Yo creo que Rosales es —a tres generaciones de distancia: tomemos esto en serio— de la estirpe de Manuel Machado, tan poco entendido —pero a quien entendió muy bien ¡Unamuno!—. Rosales ha escrito al final de su mejor libro: «Los epígrafes de las distintas partes de este libro son versos preferidos. Quiero sentirme acompañado de ellos. Corresponden a los siguientes autores:
Ciego por voluntad y por destino, de Villamediana.
Desde la voz de un sueño me llamaron, de A. Machado.
La luz del corazón llevo por guía, de Villamediana.
Cuando a escuchar el alma me retiro, de Salinas.
Siempre mañana y nunca mañanamos, de Lope de Vega.»
Entre ellos no hay ninguno de Manuel Machado; y, sin embargo, yo creo que con él «se dice» muchas veces. Yo he oído a Rosales recordar unos admirables versos de Manuel, recitados como cosa propia, desde sí mismo, haciéndolos suyos:
Porque ya
una cosa es la Poesía
y otra cosa lo que está
grabado en el alma mía...
Grabado, lugar común.
Alma, palabra gastada.
Mía... No sabemos nada.
Todo es conforme y según.
Luis Rosales, con sus creencias, hace literatura. Pero esto no quiere decir que sus creencias no sean auténticas, que sean «literatura», sino que hace su poesía con ellas. Y para que sean arte, para que sean algo literalmente realizado y comunicable —además de realizado comunicable—, no hay más remedio que hacer literatura con las creencias. Lo que pasa es que son muy pocos los que las tienen, y menos aún los que saben hacer literatura. Y no suele advertirse que esta literatura es precisamente la que permite «decirse a uno mismo» sus creencias, sin que dejen de serlo. Sólo literariamente puede expresarse y formularse la creencia sin que se convierta en otra cosa —y esto explica mucho de lo que está pasando con las creencias en el mundo actual—; sólo la literatura salva la condición credencial uniéndola a la explicitud, dándole transparencia, permitiéndola salir de los fondos oscuros y silenciosos en que normalmente opera.
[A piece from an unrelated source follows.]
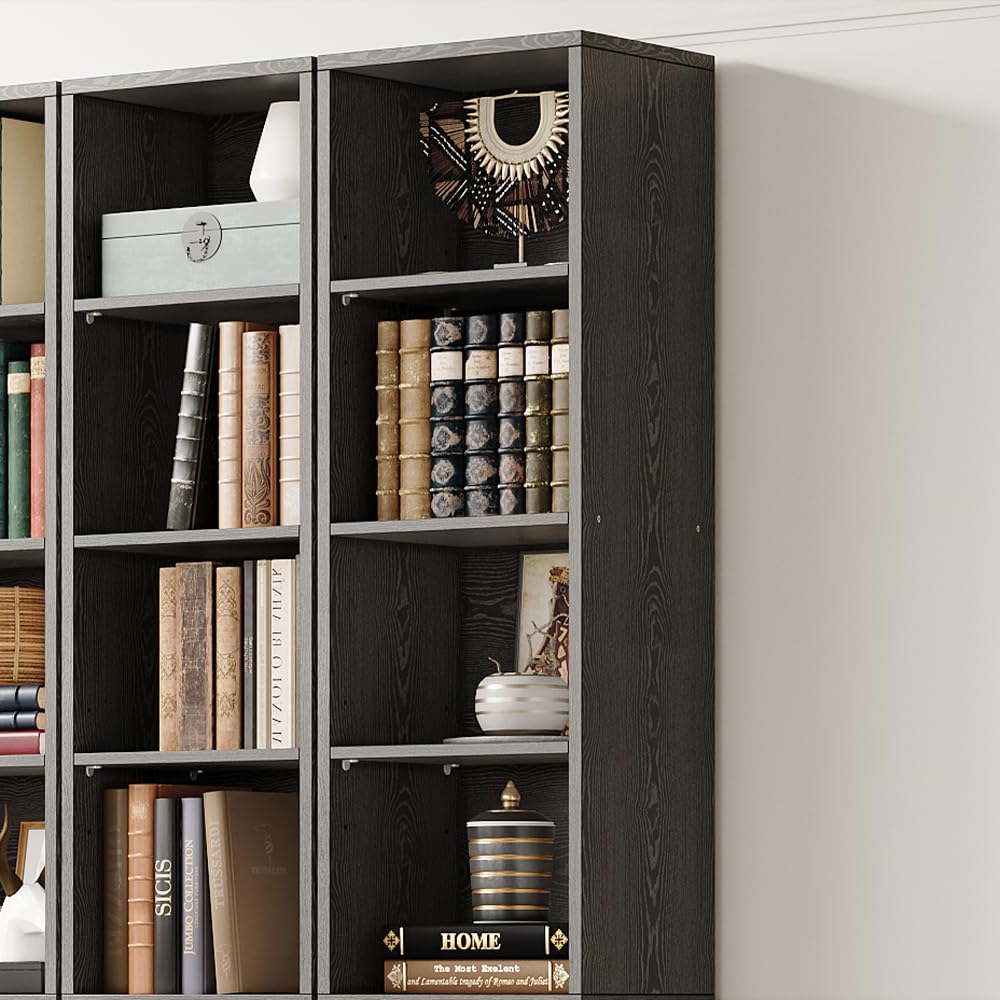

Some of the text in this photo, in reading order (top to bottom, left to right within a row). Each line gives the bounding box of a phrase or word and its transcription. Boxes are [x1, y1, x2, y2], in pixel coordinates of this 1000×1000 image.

Esto puede verse en toda la poesía de Rosales, en la religiosa por supuesto, pero todavía más en la de amor. Rosales empezó en Abril escribiendo poesía amorosa —algo tan importante y tan infrecuente, de tan largos eclipses estremecedores—: como Garcilaso, como Fernando de Herrera, como Villamediana, como Lope de Vega, como Quevedo, como Meléndez, como Espronceda, como Bécquer, como Salinas; pero luego ha llegado —como Antonio Machado— a escribir «poesía enamorada», que no es lo mismo y es más sutil.
II
«LA CASA ENCENDIDA»
Pienso que La casa encendida es un extraordinario libro de poesía. Se publicó por primera vez en 1949; una nueva versión, algo ampliada, apareció en 1967 —por supuesto, es el mismo libro—. No es una «colección» de poesías, como son, con unidad o sin ella, casi todos los libros poéticos de nuestro tiempo. (En España, esto quiere decir desde la generación de 1898.) La casa encendida es otra cosa: un poema. Como Voces de gesta, de Valle-Inclán; Platero y yo, de Juan Ramón Jiménez; Teresa, de Unamuno, y La voz a ti debida, de Salinas. Pero adviértase que los tres primeros son «narrativos», y el segundo en prosa. Si se toman las cosas en todo su rigor y pureza, quedarían los de Salinas y Rosales.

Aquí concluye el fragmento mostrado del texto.